The Torah provides a moral imperative: “Justice, justice shall you pursue.” In practical terms in today’s economic environment, that means at the very least we should support a just minimum wage — a wage that will enable working people to support themselves and their families. And we must partner with others to ensure that it happens.
We in the Jewish Labor Committee are proud to be part of this campaign both on the federal level and in Alaska; Massachusetts; New Jersey; Washington, DC; Los Angeles; or wherever state and local governments are attempting to act while the Congress fails to.
The current federal minimum wage isn’t a living wage. At $7.25 an hour, many of today’s full-time minimum-wage workers make just $15,080 a year. Even in a family with two people working minimum-wage jobs, household income hovers at the poverty level. And that’s assuming they are lucky enough to have full-time jobs.

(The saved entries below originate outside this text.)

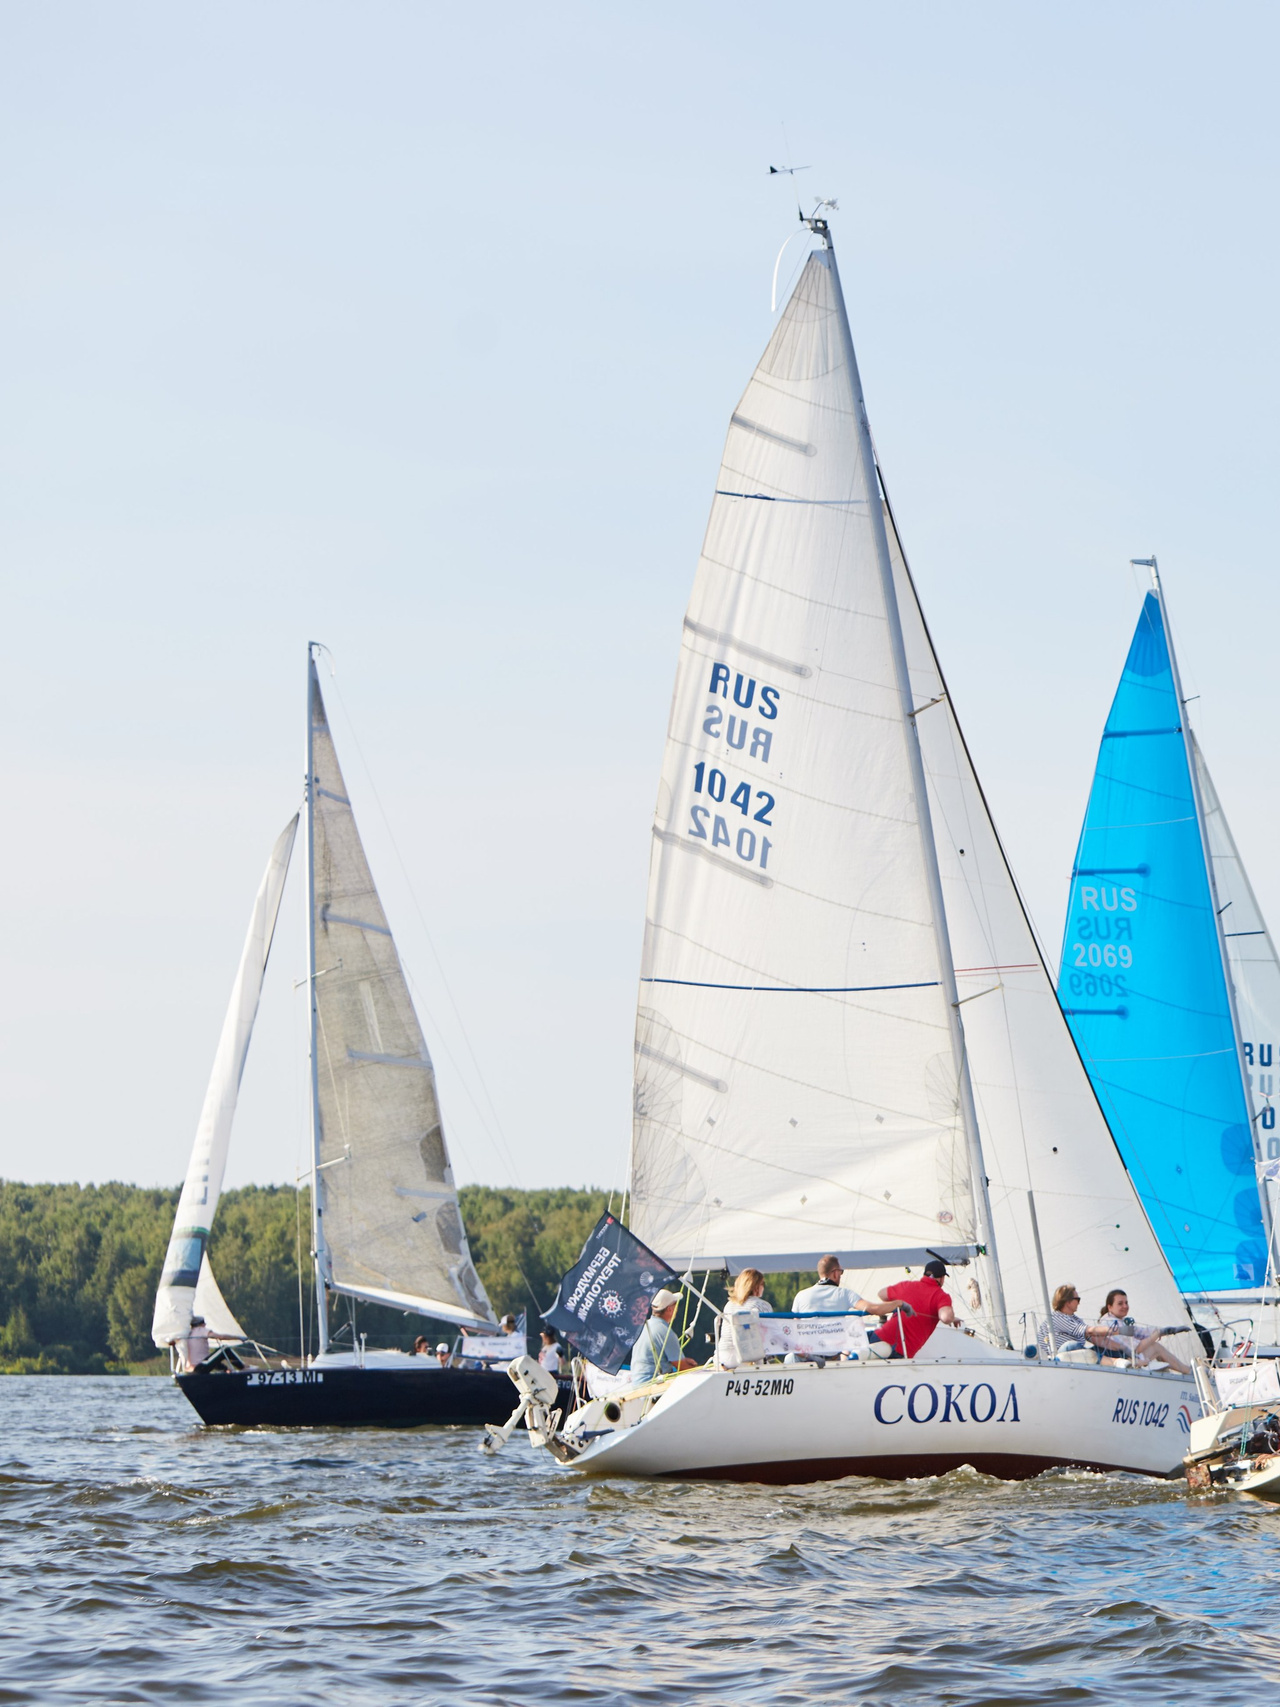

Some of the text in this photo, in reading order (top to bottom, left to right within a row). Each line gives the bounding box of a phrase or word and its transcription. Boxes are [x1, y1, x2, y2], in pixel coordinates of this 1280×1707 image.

[709, 662, 780, 720] RUS
[694, 761, 775, 826] 1042
[1081, 886, 1137, 912] RUS
[1072, 943, 1133, 968] 2069
[725, 1378, 795, 1397] Р49-52МЮ
[873, 1382, 1021, 1425] СОКОЛ
[1112, 1398, 1169, 1428] RUS 1042

Those in New Jersey working at the new state minimum wage are better off, but still having a very hard time.
Moreover, the makeup of minimum-wage workers has changed. Partly because of the latest economic downturn, more low-wage workers today are older and better educated than ever. In addition, more of those earning the minimum wage are people supporting their families, not teens earning money for movie tickets.

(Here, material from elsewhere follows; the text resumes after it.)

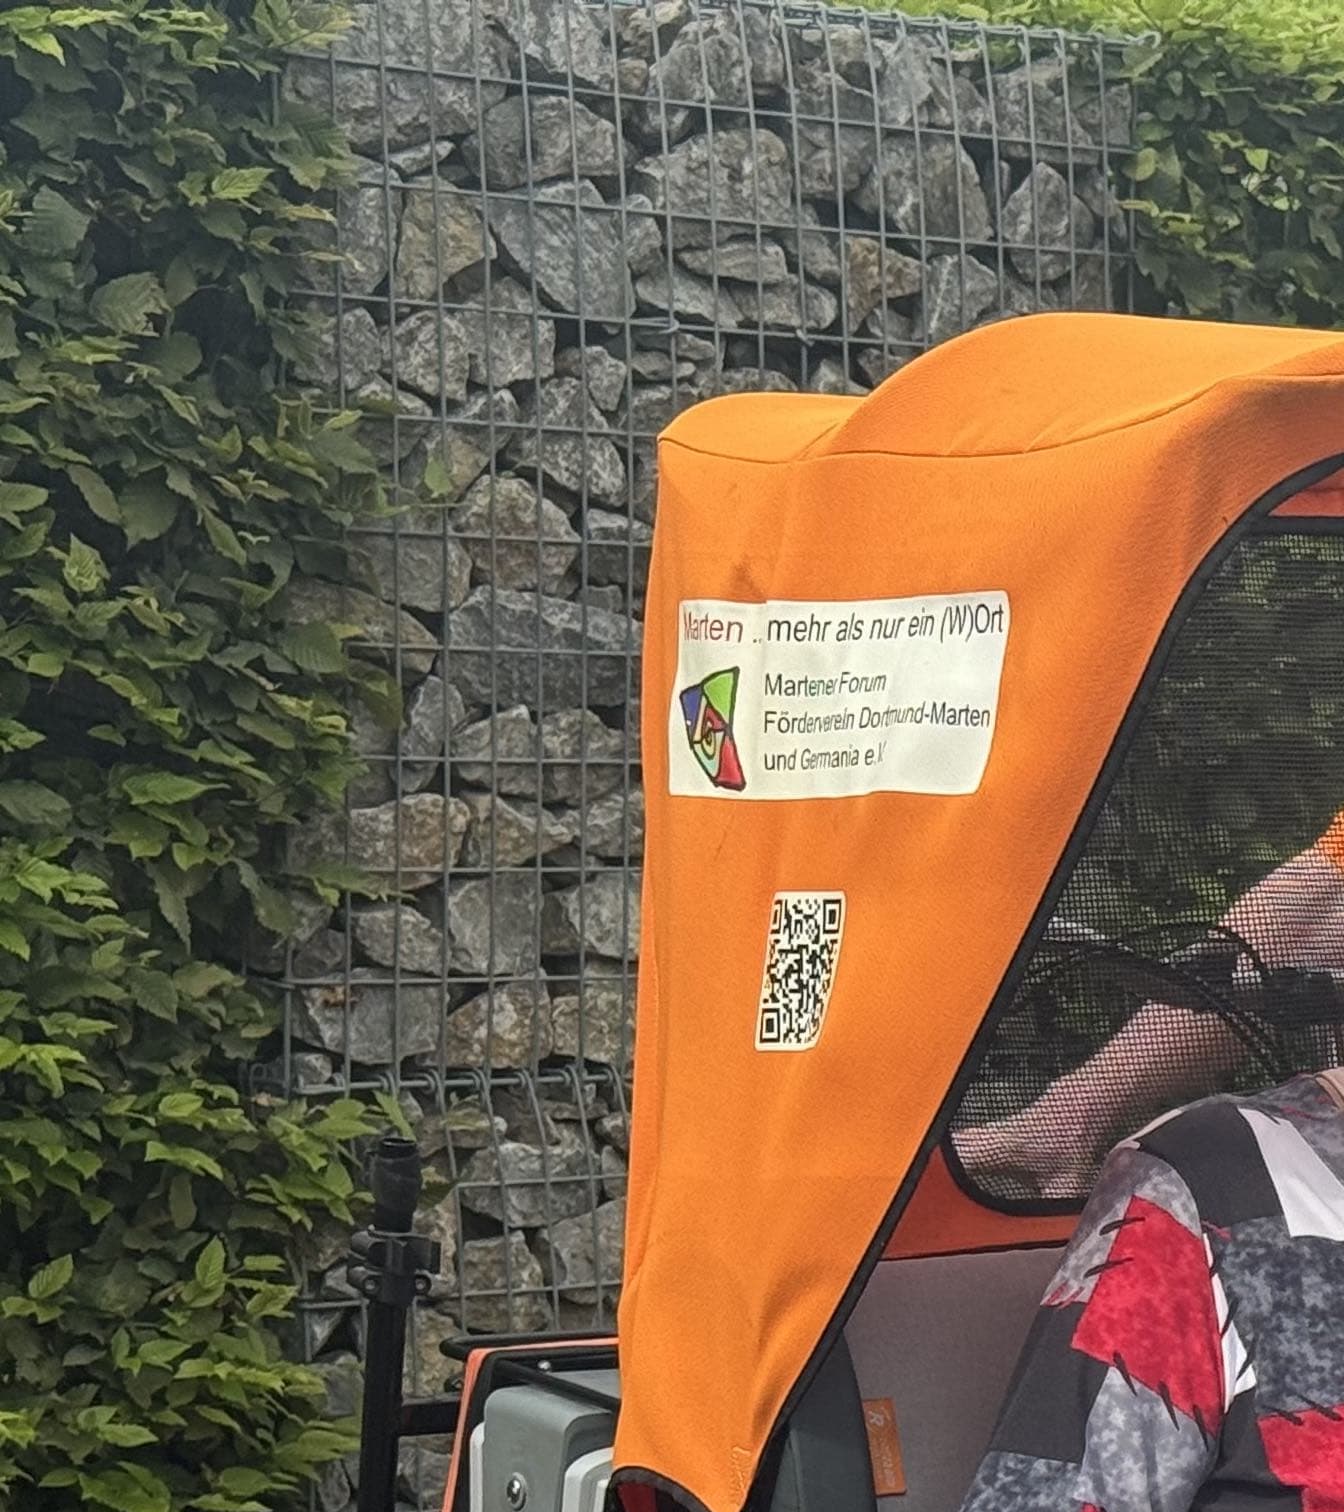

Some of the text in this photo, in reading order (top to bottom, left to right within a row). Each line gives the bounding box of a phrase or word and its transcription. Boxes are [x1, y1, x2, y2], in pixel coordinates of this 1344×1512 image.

Meanwhile, the purchasing power of the minimum wage has plummeted. From January 1981 to April 1990, the federal minimum wage was never raised. In 2007, Congress raised the federal minimum wage by $2.10, to $7.25 per hour, as a first step toward restoring it to its historic value. But for the minimum wage to have the same purchasing power today that it had back in 1968, it would have to be more than $10 per hour now. That is why the federal rate is still not enough to support a family, and even the estimated 250,000 workers in New Jersey who got a raise at the beginning of 2014 as the minimum wage was boosted by a dollar, to $8.25 an hour, face a similar challenge.
As Labor Day approaches, American Jews should remember the situation confronting so many of our ancestors, who could earn only poverty wages in the garment trades and other sectors when they first arrived in the United States.

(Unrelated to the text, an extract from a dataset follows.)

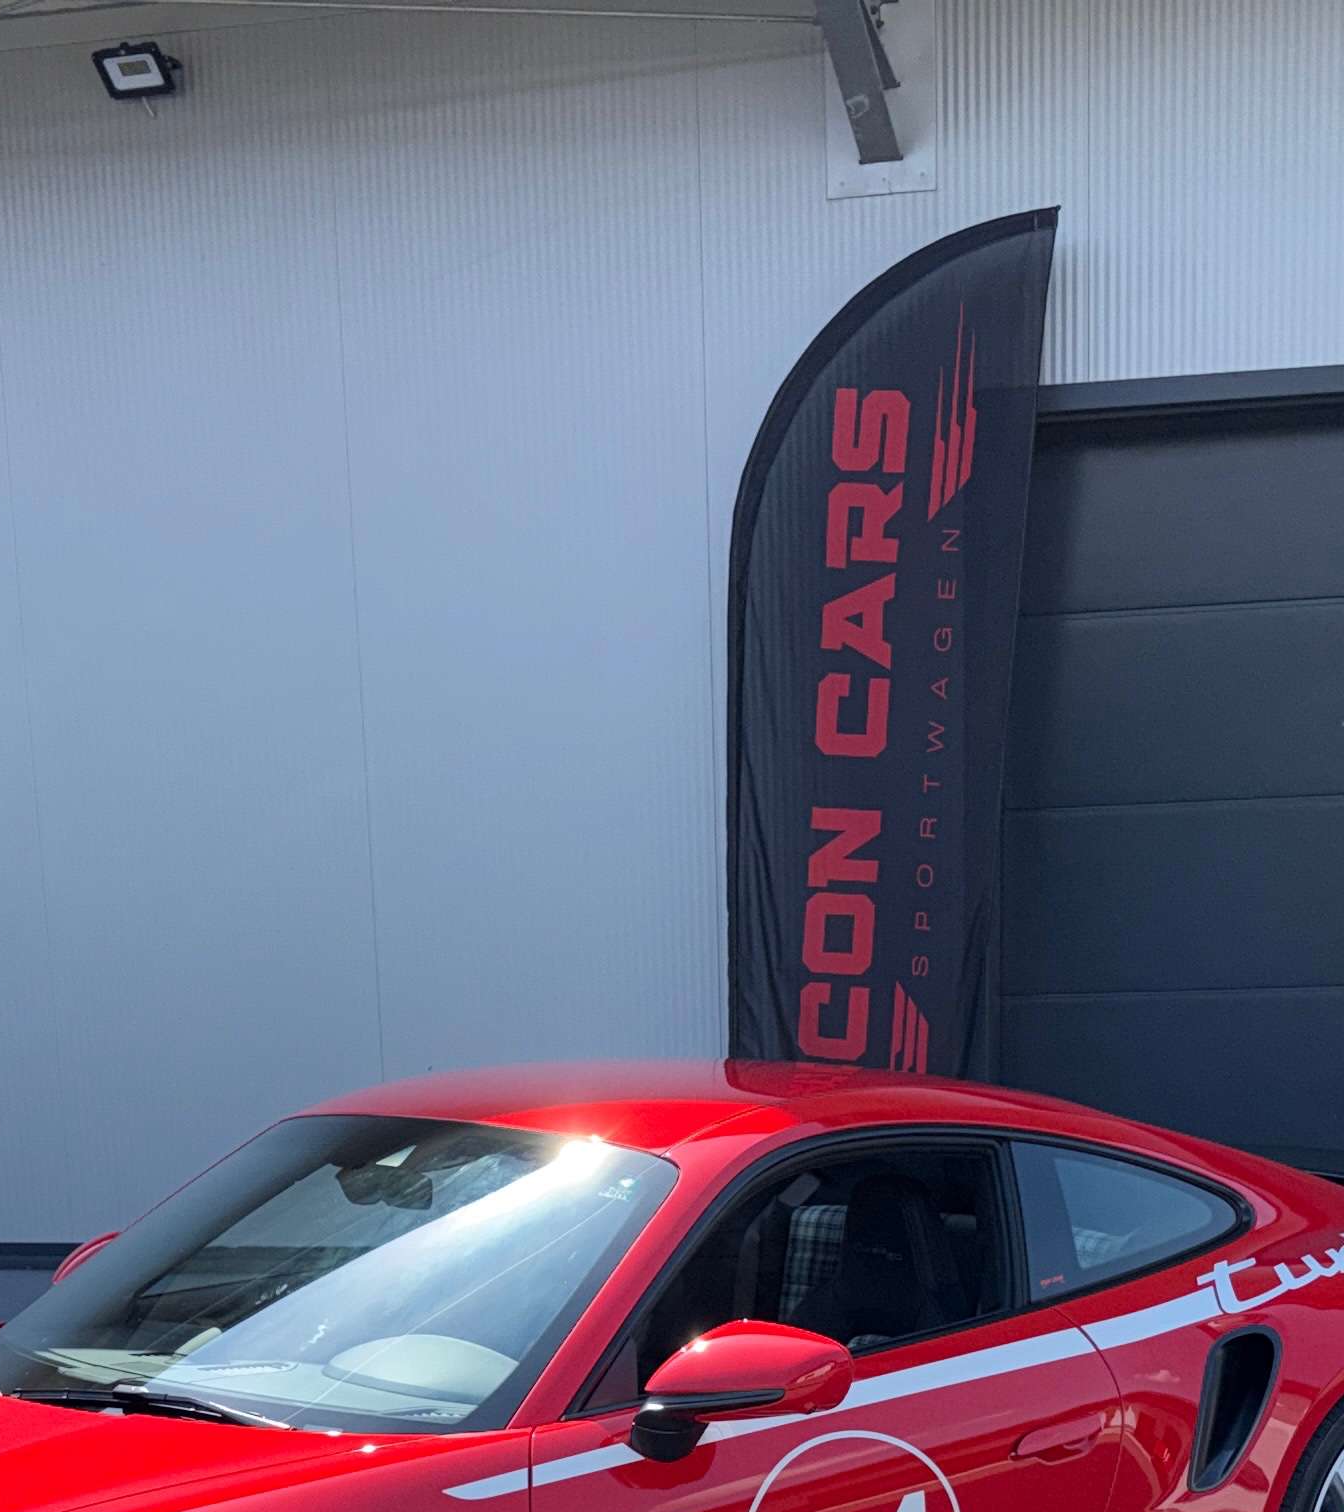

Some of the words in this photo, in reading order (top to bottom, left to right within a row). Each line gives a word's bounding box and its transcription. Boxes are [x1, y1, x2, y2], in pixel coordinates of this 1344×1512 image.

[814, 386, 911, 760] CARS
[911, 528, 961, 977] SPORTWAGEN
[798, 806, 882, 1062] CON

The challenges confronting those in minimum-wage jobs today are no less daunting. They are the workers who care for our elderly parents, wash our cars, pick our produce, clean our offices, and work at fast-food restaurants. The vast majority work multiple minimum-wage jobs to support their families and they are still struggling, faced with terrible choices over which bills to pay — rent or heat, groceries or medicine — that none among us should be forced to make.
A comprehensive study by the Economic Policy Institute points out the benefits of raising the minimum wage. An increase to $10.10 by July 1, 2015, would raise the wages of about 30 million workers, who would receive more than $51 billion in additional wages over the phase-in period, increase gross domestic product by roughly $32.6 billion, and create a net gain of 140,000 new jobs.
It would not, as many conservatives claim, kill jobs. Moreover, it would be an important step in closing the widening income gap.
So we need to raise the federal minimum wage. Yet much of the business sector and its allies continue to stymie even modest attempts to lift the federal minimum-wage workers out of poverty. In a weak economy with many unemployed, companies can use their enhanced bargaining power to cut wages, benefits, and hours. The consuming public also plays a role. Too often, we fail to make the link between low prices and widespread poverty.
Some states, such as New Jersey, frustrated by the inability of Congress to raise the federal minimum wage, have raised the minimum wage locally. This needs to be done nationally — and it needs to be done now. But until it happens, states and cities can fill some of the gap by raising their minimum wage levels.
The delegates at this year’s annual Plenum of the Jewish Council for Public Affairs overwhelmingly passed a resolution in support of Increasing the Minimum Wage, which the JLC co-sponsored. Among the steps the JCPA resolution proposed were educating about the failure of the minimum wage to keep up with the cost of living and how it is too low to keep workers and their families out of poverty; advocating for legislation increasing the federal minimum wage and for increases in the minimum wage at state and local levels; and encouraging Jewish organizations to institute a $10.10 minimum wage policy for all of their employees and their contractors’ employees.
If we are to provide a measure of justice where it counts to the least well-paid among us, we have to do our part to support an increase in the minimum wage. We must partner with others to ensure it happens. We need to talk about it with our friends, families, and neighbors.
We in the Jewish Labor Committee are proud to be part of this campaign and encourage the wider community to join. It’s the right and just thing to do.